Personal information
- Full name: Eduardo Omar Gerolami Vives
- Date of birth: 10 March 1952 (age 73)
- Place of birth: Salto, Uruguay
- Position(s): Defender

Senior career*
- Years: Team / Apps / (Gls)
- 1970–1973: Nacional
- 1973–1974: → Montevideo Wanderers (loan)
- 1975–1978: Recreativo / 84 / (5)
- 1978–1980: Sevilla / 14 / (1)
- 1980–1982: Campesinos / 42 / (0)
- 1982: Montevideo Wanderers

= Eduardo Gerolami =

Uruguayan footballer (born 1952)

Eduardo Gerolami (born 10 March 1952) is a Uruguayan former football defender who played professionally in Uruguay, Spain and Mexico.

==Career==
Born in Salto, Gerolami began playing football as a central defender with a local selection and turned professional with Montevideo side Club Nacional de Football in 1970. He played for the reserve team and was loaned to Montevideo Wanderers F.C. before returning to play for Nacional's first team in 1974.

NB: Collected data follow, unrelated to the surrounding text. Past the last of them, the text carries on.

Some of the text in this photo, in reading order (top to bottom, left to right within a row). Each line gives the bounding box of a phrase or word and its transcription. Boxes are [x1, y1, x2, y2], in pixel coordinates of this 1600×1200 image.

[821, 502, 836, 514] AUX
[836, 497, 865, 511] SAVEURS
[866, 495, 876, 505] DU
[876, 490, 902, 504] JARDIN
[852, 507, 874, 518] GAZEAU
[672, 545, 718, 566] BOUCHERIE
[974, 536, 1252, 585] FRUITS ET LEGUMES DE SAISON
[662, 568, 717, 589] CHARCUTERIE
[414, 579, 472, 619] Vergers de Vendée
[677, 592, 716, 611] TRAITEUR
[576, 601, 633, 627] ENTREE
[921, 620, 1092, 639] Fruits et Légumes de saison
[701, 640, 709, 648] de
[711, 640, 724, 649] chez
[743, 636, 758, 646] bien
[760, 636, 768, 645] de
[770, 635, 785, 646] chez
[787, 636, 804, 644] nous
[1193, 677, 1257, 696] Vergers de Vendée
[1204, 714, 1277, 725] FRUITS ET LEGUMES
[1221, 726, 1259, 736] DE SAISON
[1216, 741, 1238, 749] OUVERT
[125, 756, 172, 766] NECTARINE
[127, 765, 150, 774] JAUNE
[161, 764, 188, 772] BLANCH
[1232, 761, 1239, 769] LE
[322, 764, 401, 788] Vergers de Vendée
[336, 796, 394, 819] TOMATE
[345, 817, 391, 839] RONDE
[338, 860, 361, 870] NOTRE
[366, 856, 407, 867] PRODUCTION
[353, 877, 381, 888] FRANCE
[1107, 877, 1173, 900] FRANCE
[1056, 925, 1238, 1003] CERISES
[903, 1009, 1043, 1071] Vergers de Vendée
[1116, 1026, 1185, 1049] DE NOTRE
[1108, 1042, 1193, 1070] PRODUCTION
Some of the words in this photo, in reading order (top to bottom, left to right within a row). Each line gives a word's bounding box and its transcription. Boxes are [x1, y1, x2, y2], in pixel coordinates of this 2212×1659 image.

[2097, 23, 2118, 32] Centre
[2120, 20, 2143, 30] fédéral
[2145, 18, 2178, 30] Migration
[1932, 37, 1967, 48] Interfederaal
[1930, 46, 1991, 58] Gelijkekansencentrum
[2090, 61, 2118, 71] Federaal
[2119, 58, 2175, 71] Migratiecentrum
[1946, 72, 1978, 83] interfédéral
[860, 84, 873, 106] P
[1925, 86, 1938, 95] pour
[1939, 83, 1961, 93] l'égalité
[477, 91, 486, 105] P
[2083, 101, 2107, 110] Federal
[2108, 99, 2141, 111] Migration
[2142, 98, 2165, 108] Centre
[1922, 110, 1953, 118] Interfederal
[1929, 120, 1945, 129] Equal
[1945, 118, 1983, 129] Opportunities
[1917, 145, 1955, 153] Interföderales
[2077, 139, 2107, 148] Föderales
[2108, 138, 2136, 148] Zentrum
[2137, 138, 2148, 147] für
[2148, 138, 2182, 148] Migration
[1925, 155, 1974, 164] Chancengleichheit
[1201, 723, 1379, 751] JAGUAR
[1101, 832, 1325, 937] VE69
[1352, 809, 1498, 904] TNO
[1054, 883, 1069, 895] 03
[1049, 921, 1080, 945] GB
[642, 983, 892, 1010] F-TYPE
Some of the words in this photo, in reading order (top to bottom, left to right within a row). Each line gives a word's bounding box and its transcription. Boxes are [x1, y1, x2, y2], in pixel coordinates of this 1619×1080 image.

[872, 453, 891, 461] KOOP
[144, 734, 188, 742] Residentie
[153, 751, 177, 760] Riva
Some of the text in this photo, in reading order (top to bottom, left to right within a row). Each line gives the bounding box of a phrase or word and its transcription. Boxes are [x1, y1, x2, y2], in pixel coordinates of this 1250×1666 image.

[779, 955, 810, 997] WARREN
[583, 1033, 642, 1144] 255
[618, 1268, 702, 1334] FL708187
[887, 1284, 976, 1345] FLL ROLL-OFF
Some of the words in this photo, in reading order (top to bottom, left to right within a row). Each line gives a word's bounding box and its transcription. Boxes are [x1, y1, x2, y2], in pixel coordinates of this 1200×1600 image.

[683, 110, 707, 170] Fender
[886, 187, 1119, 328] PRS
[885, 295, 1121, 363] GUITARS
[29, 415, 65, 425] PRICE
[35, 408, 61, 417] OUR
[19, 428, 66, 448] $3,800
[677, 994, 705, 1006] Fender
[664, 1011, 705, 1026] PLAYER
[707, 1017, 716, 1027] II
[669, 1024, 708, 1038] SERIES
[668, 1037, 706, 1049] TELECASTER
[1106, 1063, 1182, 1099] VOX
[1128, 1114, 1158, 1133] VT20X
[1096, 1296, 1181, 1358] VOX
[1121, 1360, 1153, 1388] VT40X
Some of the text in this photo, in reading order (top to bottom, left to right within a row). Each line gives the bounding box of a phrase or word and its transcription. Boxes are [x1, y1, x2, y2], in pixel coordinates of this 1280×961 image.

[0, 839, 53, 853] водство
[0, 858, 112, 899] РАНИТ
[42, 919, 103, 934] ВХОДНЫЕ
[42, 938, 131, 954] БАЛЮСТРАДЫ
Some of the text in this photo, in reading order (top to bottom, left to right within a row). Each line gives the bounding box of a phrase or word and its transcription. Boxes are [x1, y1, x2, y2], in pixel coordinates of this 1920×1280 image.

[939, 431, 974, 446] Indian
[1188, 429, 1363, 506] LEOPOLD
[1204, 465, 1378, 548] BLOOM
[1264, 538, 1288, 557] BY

In 1975, Gerolami moved to Spain to play for Segunda División side Recreativo de Huelva. In three seasons, he helped the club gain promotion to La Liga. Shortly after, he was signed by Andalusian side Sevilla FC for two seasons.

After falling out of favor with Sevilla, Gerolami moved to Mexico, joining Mexican Primera División side Atletas Campesinos for two seasons. He injured his Achilles tendon and returned to Uruguay where he attempted a second stint with Montevideo Wanderers but had to retire due to the injury.